Le Bénin sera face au Zimbabwe le 5 juin au stade d’Ebimpé et le Lesotho quatre jours plus tard au Félicia d’Abidjan . Ces deux rendez-vous prévus en terre ivoirienne où les Guépards seront décisifs dans la course à la qualification pour le Mondial 2026 mais pas que. Ce sera aussi le moment pour le sélectionneur de faire certains essais avant la Can.
Recoller au peloton de tête
Après un mois de mars moyen où le Bénin n’a récolté qu’un point sur six possibles, les hommes Gernot Rohr ont perdu du terrain dans la course à la première place qualificative. La position favorable du groupe C est occupée par l’Afrique du Sud avec 13 points. Le Rwanda et le Bénin luttent pour la deuxième place avec 8 points pendant que le Nigéria est juste derrière avec 7 points.
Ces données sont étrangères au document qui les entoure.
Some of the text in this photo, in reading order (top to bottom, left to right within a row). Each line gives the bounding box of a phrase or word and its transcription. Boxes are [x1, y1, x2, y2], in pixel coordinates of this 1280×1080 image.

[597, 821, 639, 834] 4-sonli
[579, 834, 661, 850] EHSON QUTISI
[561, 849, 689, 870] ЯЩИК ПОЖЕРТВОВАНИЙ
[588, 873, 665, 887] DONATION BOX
Il reste quatre matches à disputer dans le sprint final dont deux sur cette fenêtre internationale qui s’avèrent déjà décisive. Pour rappel, seul premier du groupe aura directement son sésame pour l’Amérique du Nord l’été prochain. Un mince espoir de terminer par les quatre meilleurs deuxièmes peuvent ouvrir la porte aux barrages. Mais après les six premières journées, ce classement des meilleurs deuxièmes est dominé par le Gabon (15 points) suivi du Cameroun , Sénégal ,et la Namibie qui totalisent chacun 12 points déjà.Un autre combat. Pour le Bénin, l’équation est très simple pour rêver d’un premier Mondial, il faut capitaliser sur la 7e et la 8e journée avec un carton plein de six unités pour revenir à hauteur du leader du groupe ou s’en rapprocher significativement. Car après les deux matches programmés face au Zimbabwé et au Lesotho, le Bénin terminera sa campagne avec deux matches à l’extérieur au Rwanda et au Nigéria. Pour rester en vie jusqu’à la prochaine trêve , il faut d’abord recoller au peloton de tête sur ce mois de septembre. La vraie mission est là, les Guépards jouent clairement leur destin.
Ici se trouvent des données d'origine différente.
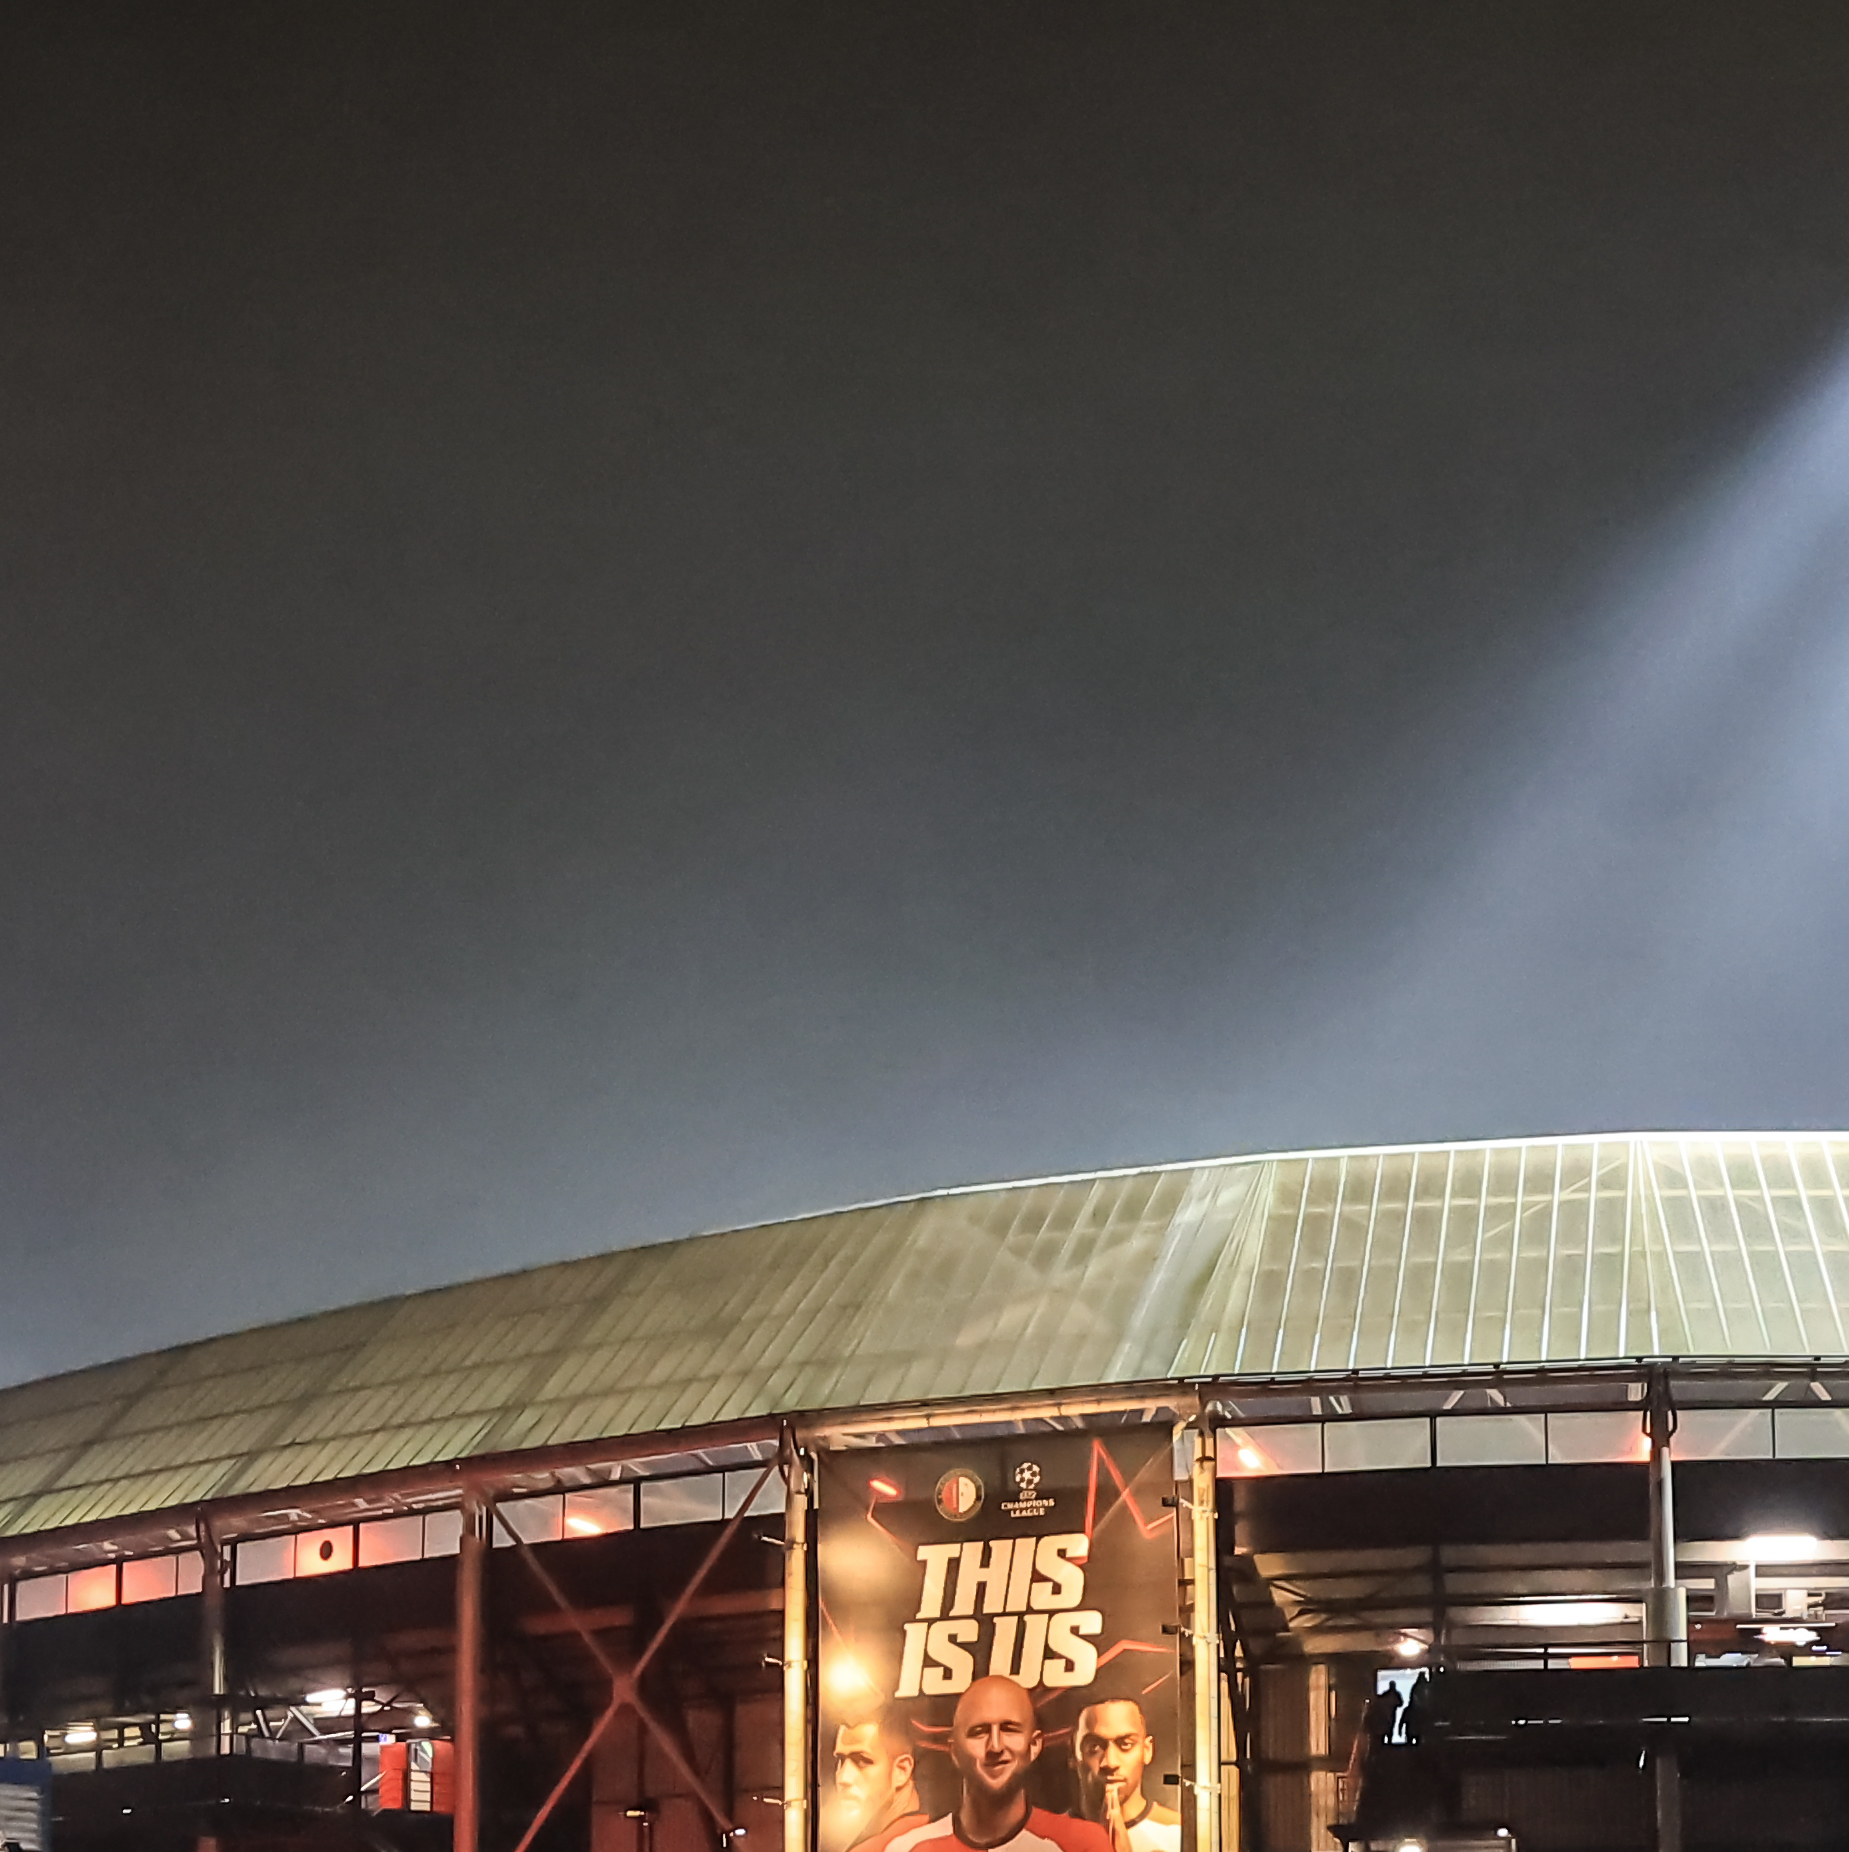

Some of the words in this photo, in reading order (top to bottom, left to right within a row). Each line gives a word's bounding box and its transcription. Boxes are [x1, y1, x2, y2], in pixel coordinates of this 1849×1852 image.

Remettre Olaitan au coeur du jeu
Si depuis son doublé de mars 2024 à Amiens contre la Côte d’ivoire, Junior Olaitan est régulièrement utilisé dans le couloir gauche , il est de plus en plus évident que ce n’est pas sa position naturelle. Entre sa bonne fin de saison à Grenoble en Ligue 2 française et son début de saison canon en Turquie sous les couleurs de Goztepe, le milieu offensif s’éclate dans l’axe. Sa percussion en puissance et sa qualité sur les dernières passes additionnées à sa créativité, il a tout du meneur de jeu qui peut porter techniquement l’équipe béninoise. Le joueur passé par Niort et Troyes a davantage mûri son jeu pour être la pièce maitresse des Guépards, lui qui côtoie désormais l’élite turque avec des débuts appréciés. Ce regroupement est l’occasion idéale pour le remettre dans un secteur de prédilection où il n’a plus été titularisé avec le maillot du Bénin depuis novembre 2023. En l’absence de Dodo Dokou, utilisé dans ce rôle plus haut , suspendu contre le Zimbabwe, le sélectionneur devrait se résoudre à remettre l’ancien numéro dix d’Ayéma à son poste naturel.
Essayer Ahlinvi à gauche
Relégué dans la hiérarchie des milieux de terrain de l’équipe depuis l’arrivée de Rohr, Mattéo Ahlinvi n’ a jamais failli dans son comportement exemplaire dans le groupe. Il a récemment déclaré être pret à évoluer n’importe où le sélectionneur l’alignerait. Pour preuve, bien qu’étant un relayeur de base, il a effectué ses dernières entrées en jeu sous le maillot national dans le couloir. Gaucher habile avec une belle qualité technique c’est aussi un travailleur avec le volume de jeu qui va avec. Formé à Nîmes, il a déjà évolué comme arrière gauche et piston à plusieurs reprises à Dijon et même l’année écoulée quand il jouait en Suède à Vasteras. C’est un poste où il a des repères en professionnel déjà où le sélectionneur peine à trouver une doublure fiable à David Kiki. . Même si Yohan Roche, défenseur central droitier à récemment dépanné à ce poste, en vue de la Can avec le manque de temps de jeu actuel de certains centraux ce dernier serait bien plus précieux à son poste de base. L’idée de faire évoluer Ahlinvi comme arrière gauche serait bienvenue afin de varier les options à l’avenir.